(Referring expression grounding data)

╔══

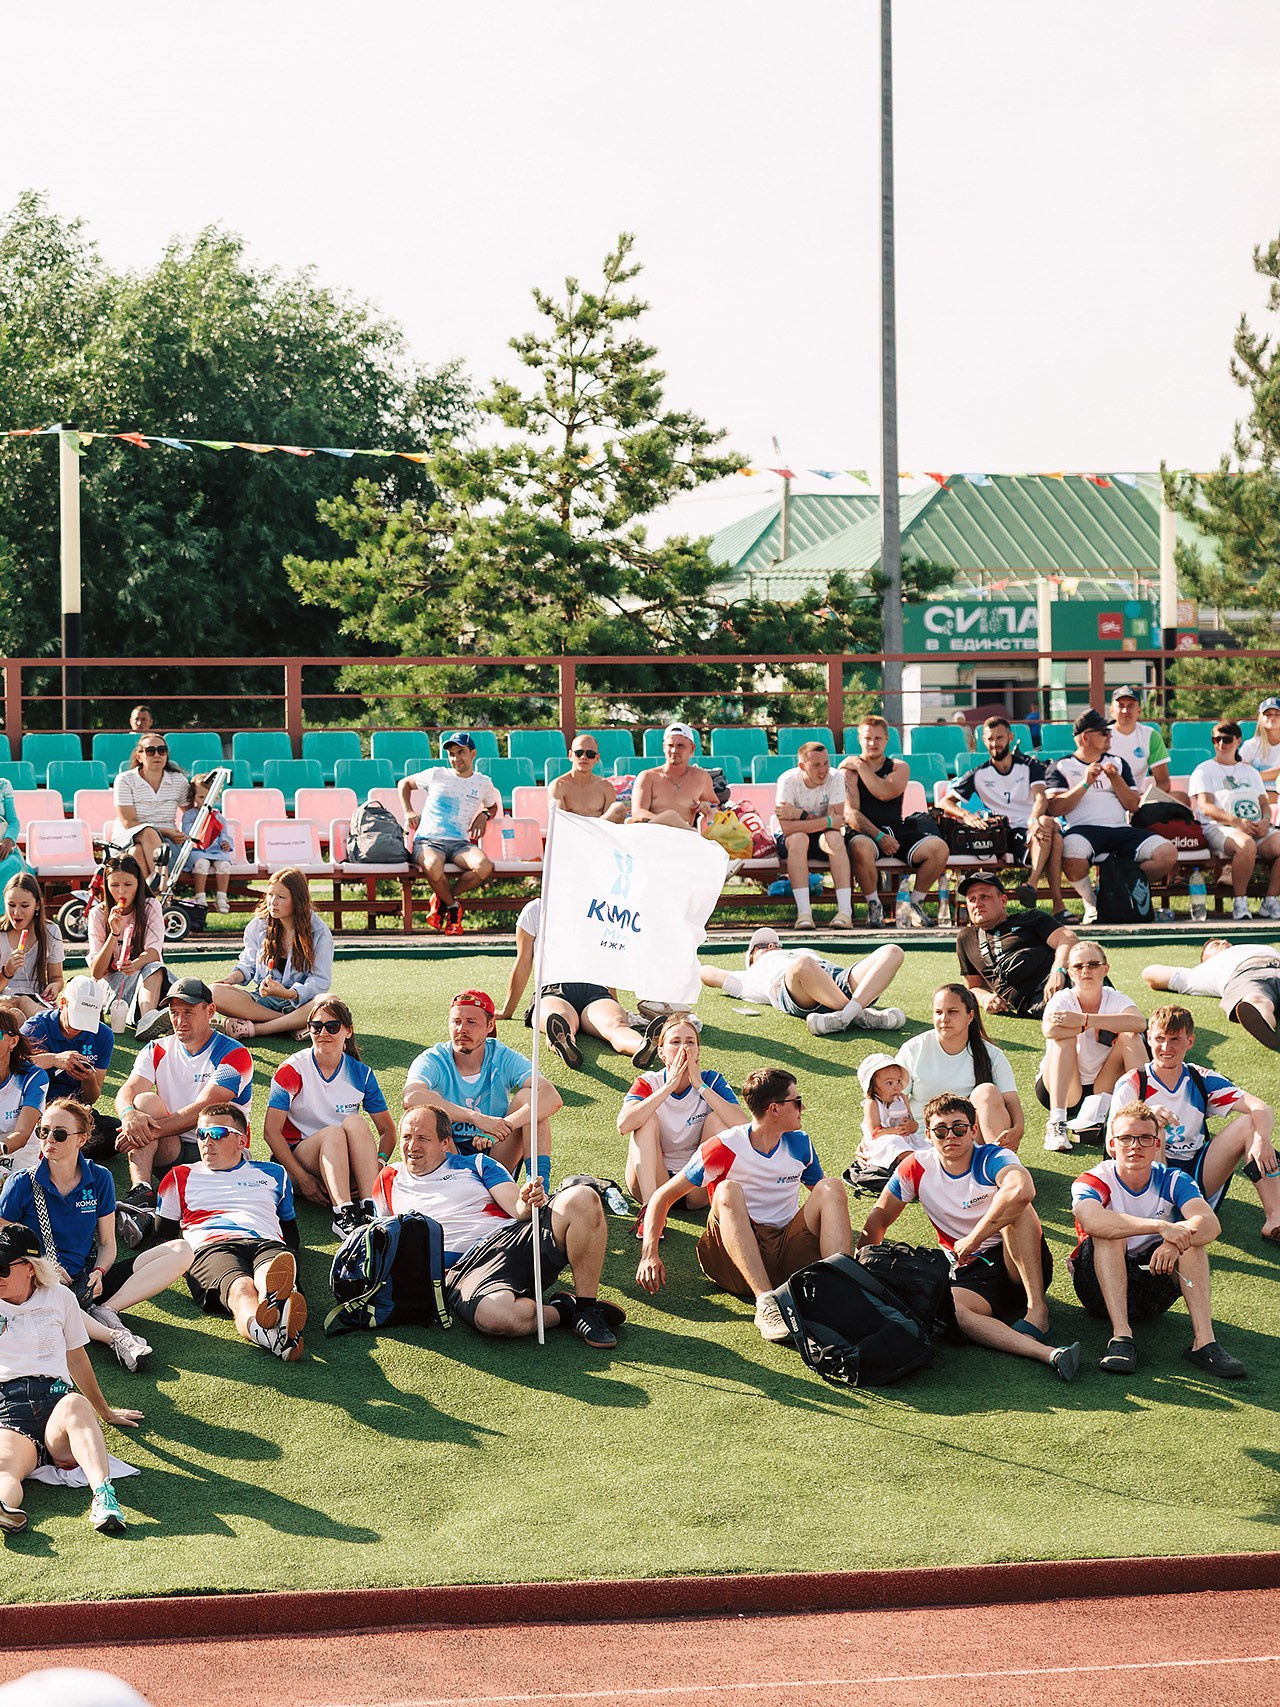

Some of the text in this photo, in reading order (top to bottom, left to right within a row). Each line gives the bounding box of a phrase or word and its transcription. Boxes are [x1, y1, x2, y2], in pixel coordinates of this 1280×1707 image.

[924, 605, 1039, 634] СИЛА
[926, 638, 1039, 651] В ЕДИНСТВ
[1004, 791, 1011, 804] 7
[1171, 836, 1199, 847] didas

╚══

■ The task:
A faithful, word-for-word copy of the data is needed; the pictures should not appear in it.

■ Result for this exercise:
Some of the text in this photo, in reading order (top to bottom, left to right within a row). Each line gives the bounding box of a phrase or word and its transcription. Boxes are [x1, y1, x2, y2], in pixel coordinates of this 1280×1707 image.

[924, 605, 1039, 634] СИЛА
[926, 638, 1039, 651] В ЕДИНСТВ
[1004, 791, 1011, 804] 7
[1171, 836, 1199, 847] didas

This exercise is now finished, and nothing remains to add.